Colin Angel asks whether a Carillion-style  collapse could happen in homecare

Following the sudden collapse of Carillion, a number of people have asked whether the same thing could happen in other UK public services outsourced to the private market.

In the case of homecare services, UKHCA believes that while there are a few similarities, for example public outsourcing at low prices, contracts for home-based personal care are outsourced to a very different provider market.

Public outsourcing
Outsourcing of public sector contracts in the UK is widespread and has delivered some significant benefits to government and the public purse.

Outsourcing has freed-up central government so that it can focus on developing national policy and has enabled local government to focus on understanding and planning for the needs of local citizens.

Private sector providers offer the public sector considerable productivity gains by their ability to draw on commercial expertise by being specialists focused on delivery and by the use of modernised working practices, which by-and-large are not employed in the public sector. Larger providers are also able to run lower back-office costs for volume business.

What’s different between Carillion and the homecare market?

Carillion (and other large-scale outsourcing specialists) generally cover a wide and diverse range of business sectors, and may – in the view of some – have become too complex to control well.

The homecare sector, on the other hand, is characterised by organisations which specialise in one core service (or in few cases, combine homecare and residential care).

While each of these services carries their own complexity, the services are, generally, delivered according to a reasonably consistent model. We cannot think of any examples in the current market where organisations delivering homecare also offer significant services in other business sectors.

The UK homecare sector is characterised by a large number of small and medium enterprises (SMEs) and a relatively few larger providers, none of which is thought to have more than 3.5% market share.

Local councils tend to contract directly with provider organisations and there is relatively little subcontracting within the independent sector, and no long or complex subcontracting chains.

The similarities
The state-funded homecare market is characterised by public sector purchasers which, for a variety of reasons, have used their dominant purchasing power to drive down the prices paid for care.

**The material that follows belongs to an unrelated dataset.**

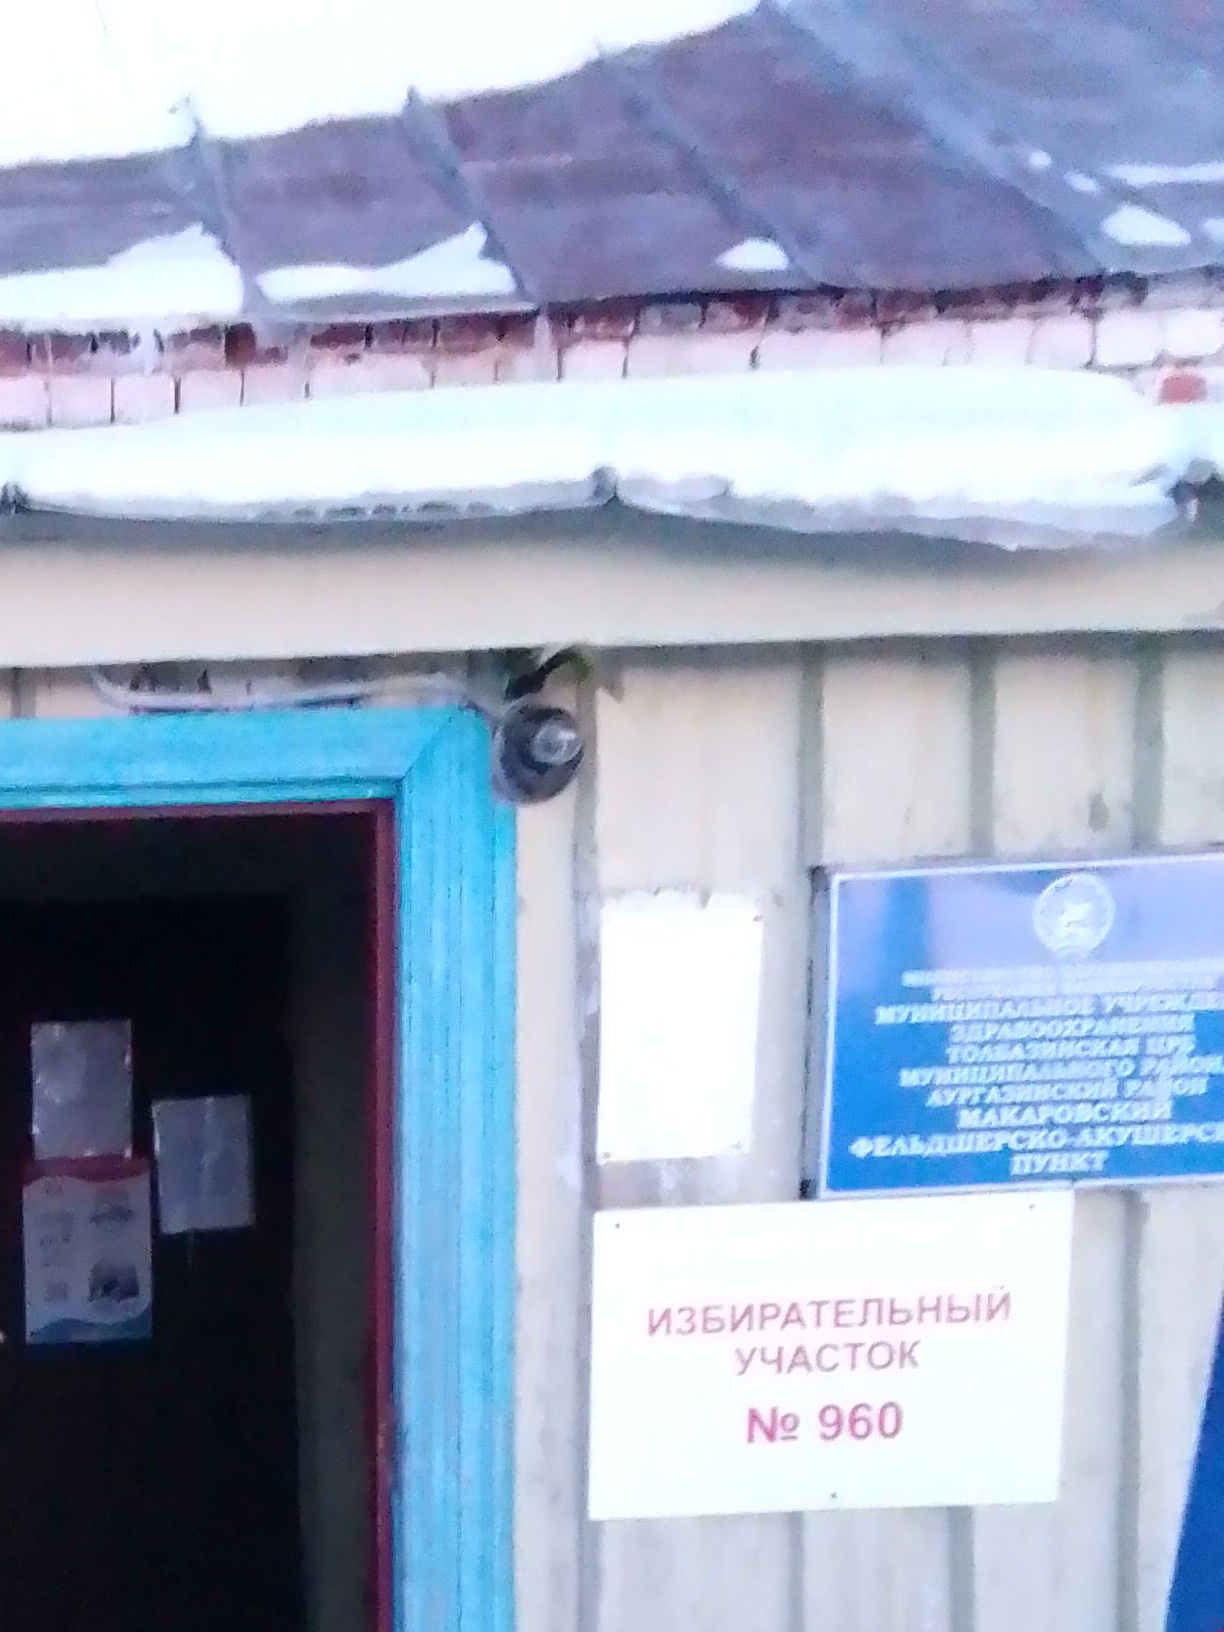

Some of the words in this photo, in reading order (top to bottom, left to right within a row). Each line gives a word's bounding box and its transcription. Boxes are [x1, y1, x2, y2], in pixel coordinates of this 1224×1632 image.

[648, 1285, 1012, 1337] ИЗБИРАТЕЛЬНЫЙ
[735, 1339, 922, 1377] УЧАСТОК
[747, 1406, 800, 1444] №
[818, 1401, 904, 1441] 960

There is the potential for providers to withdraw voluntarily from the market, or for the financial failure of individual provider organisations.

However, the last two years have seen a number of businesses actively reducing their exposure to what they consider to be unsustainable contracts by early termination and declining to bid for new business which is not appropriately funded.

Reducing risk
A number of factors help mitigate the impact of market failures in the UK.

For example, councils often limit their total exposure by contracting with several (often many) providers in their local area. We believe that the largest exposure in any local market is unlikely to be more than 20% of total services purchased from any one provider.

Market oversight
In addition, England’s statutory social care regulator, the Care Quality Commission, operates a ‘market oversight’ regime which monitors the financial performance of the largest and hardest-to-replace care providers. This regime is intended to act as an early warning system for central and local government should a provider be at immediate risk of financial failure.

The Care Act 2014 also placed new market-shaping responsibilities on councils (in England), which were accompanied by statutory guidance to assist their actions.

Where local authorities take a responsible approach to these market-shaping responsibilities, conditions in local markets generally improve.

In the event of actual business failure, the primary requirement is the need to identify a new provider willing and able to pick-up and run existing services and maintain continuity of care for the people supported.

Changing providers
Local councils are well equipped to deal with changes of provider, as they have a regular re-procurement cycle, with contracts which generally last between just three to five years.

Such changes of provider are assisted by the Transfer of Undertakings (Protection of Employment) Regulations (‘TUPE’), which provide the workforce with a right to transfer to a new employer when contracts change hands and given that the homecare sector is largely a managed staffing solution, there are extremely low capital assets which need to change hands in the event of such a transfer.

State control?
Given the benefits that outsourcing has brought to public sector contracts and the fact that the cost of these services tends to be two-and-a-half or three times as much when run by local councils, UKHCA does not believe that there is a compelling argument to bring homecare services back in-house.

Large-scale insourcing of homecare services is either likely to threaten the financial viability of many councils, or create a radical need to ration the care provided to such an extent that many more older and disabled people’s care needs would not be met.

UKHCA’s view is that market stability will be enhanced by a number of factors which would be more effective and ultimately less costly, including:

Councils funding homecare services in a responsible way, recognising the actual costs of services to remain sustainable;

A critical review of existing and forthcoming contracts with a view to reducing disproportionate and avoidable costs to providers’ businesses;

Proper engagement with providers to develop more efficient and less costly models of purchase and delivery;

Ensuring that public sector purchasers support providers’ cash flow by adopting prompt payment mechanisms which – at minimum – comply with The Public Contracts Regulations 2015 and the accompanying statutory guidance.

Developing robust monitoring to ensure that councils in England undertake the ‘market shaping’ responsibilities under the Care Act 2014, and its accompanying statutory guidance.

The risk of a large Carillion-style collapse appears to be low in the homecare sector. However, taking the steps outlined above would increase the stability of the market and provide reassurances to the population that their needs will continue to be met.